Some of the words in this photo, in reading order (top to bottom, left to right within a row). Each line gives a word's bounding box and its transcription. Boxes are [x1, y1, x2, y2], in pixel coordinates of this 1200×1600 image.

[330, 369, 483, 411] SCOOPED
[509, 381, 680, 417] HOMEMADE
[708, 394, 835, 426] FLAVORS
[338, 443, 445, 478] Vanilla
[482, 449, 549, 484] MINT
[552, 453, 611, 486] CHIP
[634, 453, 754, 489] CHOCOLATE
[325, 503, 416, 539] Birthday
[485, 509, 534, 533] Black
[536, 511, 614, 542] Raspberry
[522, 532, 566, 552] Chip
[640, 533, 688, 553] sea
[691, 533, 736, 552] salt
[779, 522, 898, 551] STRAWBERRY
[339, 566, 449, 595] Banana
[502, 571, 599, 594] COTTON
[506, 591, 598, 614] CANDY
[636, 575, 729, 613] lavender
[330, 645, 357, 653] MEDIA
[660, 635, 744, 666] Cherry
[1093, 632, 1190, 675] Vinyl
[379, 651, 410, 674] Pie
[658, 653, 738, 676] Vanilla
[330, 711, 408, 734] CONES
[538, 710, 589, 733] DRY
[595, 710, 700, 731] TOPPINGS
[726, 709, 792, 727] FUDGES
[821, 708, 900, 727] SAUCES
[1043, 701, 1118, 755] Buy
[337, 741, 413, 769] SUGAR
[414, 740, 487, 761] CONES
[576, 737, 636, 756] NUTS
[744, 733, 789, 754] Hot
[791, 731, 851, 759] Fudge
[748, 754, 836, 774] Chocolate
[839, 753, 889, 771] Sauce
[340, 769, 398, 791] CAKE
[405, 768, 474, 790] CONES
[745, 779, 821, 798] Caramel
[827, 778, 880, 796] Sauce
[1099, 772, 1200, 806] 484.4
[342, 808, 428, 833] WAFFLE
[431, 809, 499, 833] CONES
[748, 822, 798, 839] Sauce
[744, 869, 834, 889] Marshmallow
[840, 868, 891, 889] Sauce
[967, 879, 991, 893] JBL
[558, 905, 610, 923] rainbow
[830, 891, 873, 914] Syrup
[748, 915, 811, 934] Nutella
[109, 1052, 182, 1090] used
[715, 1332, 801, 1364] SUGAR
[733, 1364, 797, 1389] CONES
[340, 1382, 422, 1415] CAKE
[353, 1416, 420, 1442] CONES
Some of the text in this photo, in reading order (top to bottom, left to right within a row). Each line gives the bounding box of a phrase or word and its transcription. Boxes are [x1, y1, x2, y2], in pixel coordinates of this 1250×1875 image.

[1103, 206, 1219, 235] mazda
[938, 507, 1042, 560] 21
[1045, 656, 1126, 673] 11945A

************

**What to do**
Output exactly the line containing "Some of the text" together with every line after it, ending at the final line of the entries.

**Result for this task**
Some of the text in this photo, in reading order (top to bottom, left to right within a row). Each line gives the bounding box of a phrase or word and its transcription. Boxes are [x1, y1, x2, y2], in pixel coordinates of this 1250×1875 image.

[1103, 206, 1219, 235] mazda
[938, 507, 1042, 560] 21
[1045, 656, 1126, 673] 11945A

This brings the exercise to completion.